O diplomata recorre a um episódio recente para demonstrar como faz sentido o seu olhar crítico sobre os problemas dos 27: “Como se constatou aquando da patética ida a Moscovo do chefe da diplomacia europeia, Josep Borrell, de Bruxelas saem apenas gestos de retórica e ‘balas de papel’. Nas grandes questões globais, constata-se que a União Europeia é incapaz de afirmar peso por si própria. Apenas quando consegue uma conjugação operativa com os EUA, a Europa consegue alguma eficácia. Mas o caso da Ucrânia revelou que, mesmo nesse circunstancialismo ótimo, as coisas não funcionaram bem. Daí que seja fácil, mas triste, ter de concluir que a Rússia não leva a União Europeia a sério, como entidade política com expressão coletiva. Nisso não difere muito dos Estados Unidos: Biden não teve uma palavra até agora para a União Europeia, limitando-se a citar o Reino Unido, a França e a Alemanha como interlocutores futuros. Não deixa de ser significativo.”

EUA-Rússia: diálogos nucleares

A mudança de poder em Washington, com a eleição de Joe Biden para Presidente a 3 de novembro do ano passado, exerce influência na correlação de forças com a Rússia?
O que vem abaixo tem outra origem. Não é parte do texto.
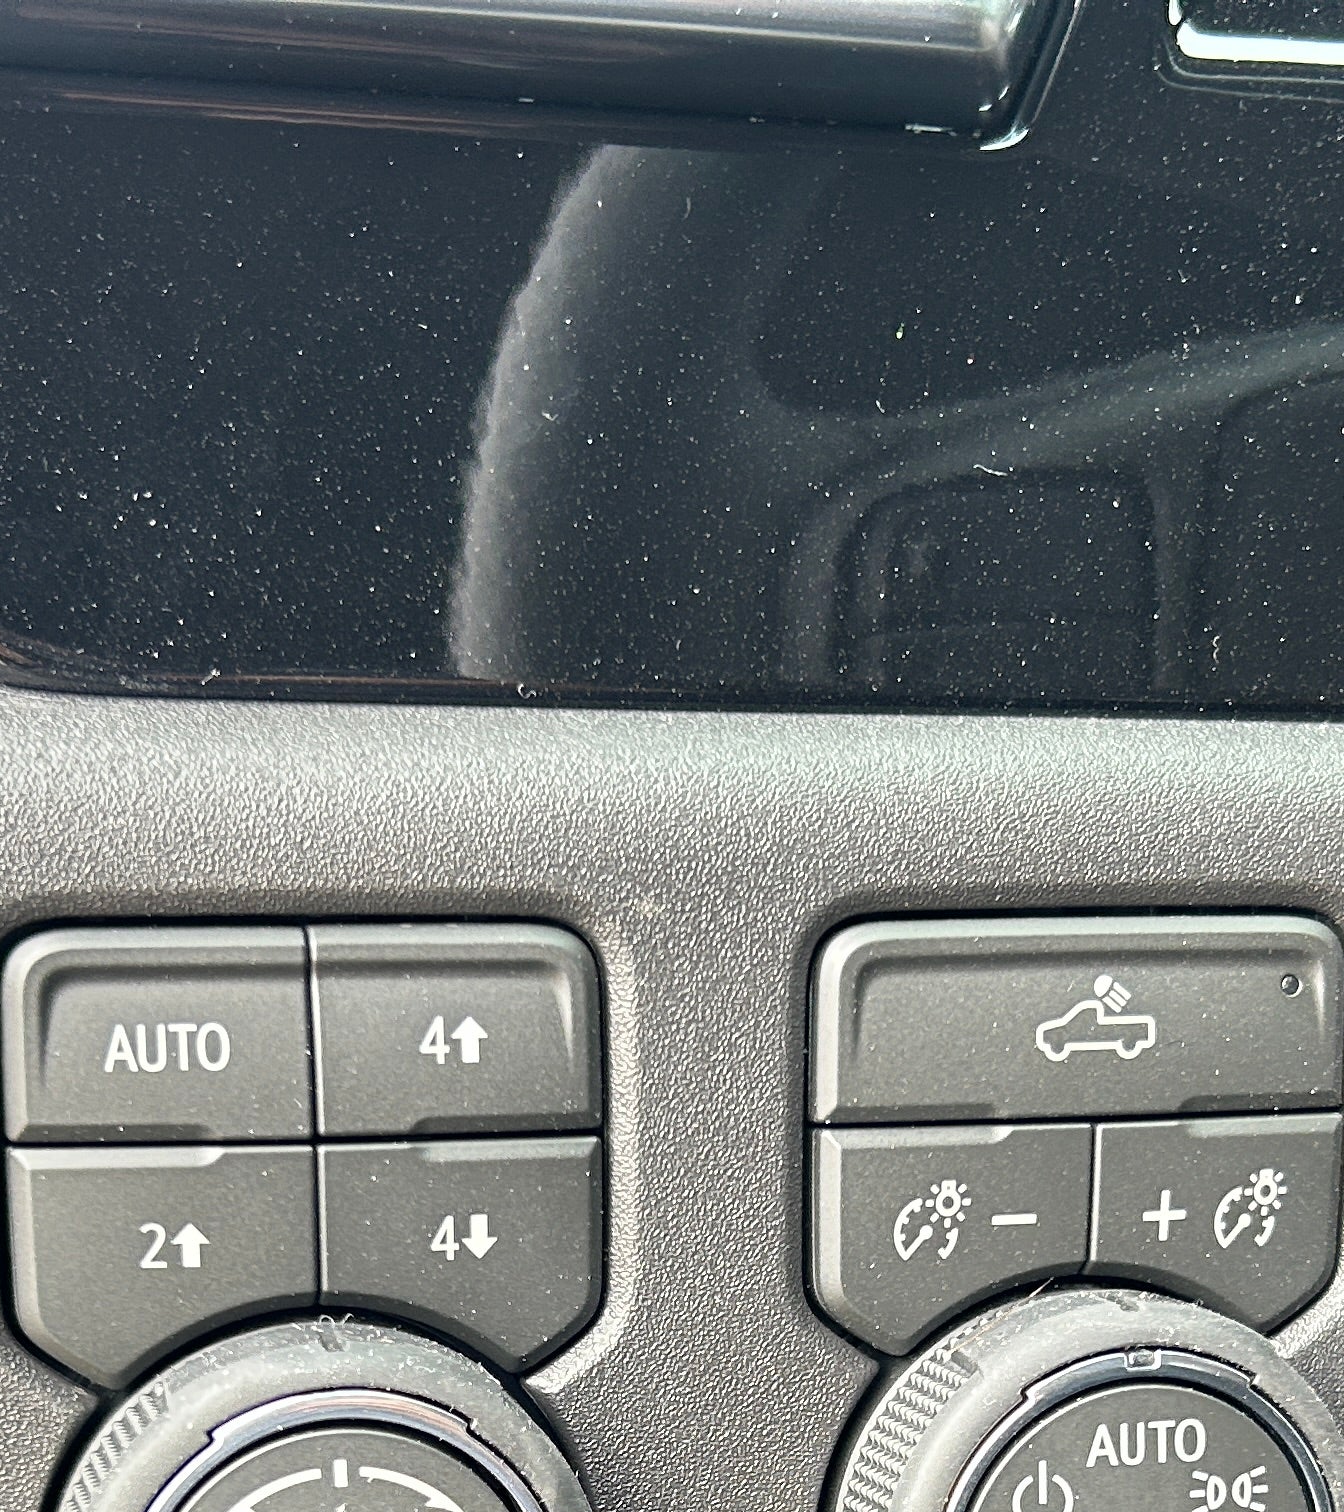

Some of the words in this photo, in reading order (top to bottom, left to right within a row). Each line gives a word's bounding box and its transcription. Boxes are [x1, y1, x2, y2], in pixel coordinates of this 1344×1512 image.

Seixas da Costa reflete: “No seu primeiro discurso sobre política externa, Joe Biden teve palavras duras para a Rússia, talvez mesmo mais do que as que dedicou à China, ao contrário do que alguns esperariam. Isso poderá ter a ver com o facto de querer marcar uma diferença forte face à estranha e persistente complacência de Donald Trump para com Putin. Sabe-se que a diplomacia profissional americana viveu contrariada, nos últimos quatro anos, com o modo como a Rússia foi poupada. A prisão de Navalny e a certeza de que, a partir da Rússia, ataques de cibersegurança continuam a efetuar-se, terão motivado o tom forte de Biden, embora de certo modo compensado com a resposta positiva da nova Administração americana face à proposta russa de renovar o novo Start, o acordo sobre armas nucleares. A Rússia pode ser hoje uma ‘potência regional’, como um dia ironizou Obama, mas é o único poder nuclear que Washington elege como interlocutor em termos de armamentos estratégicos.”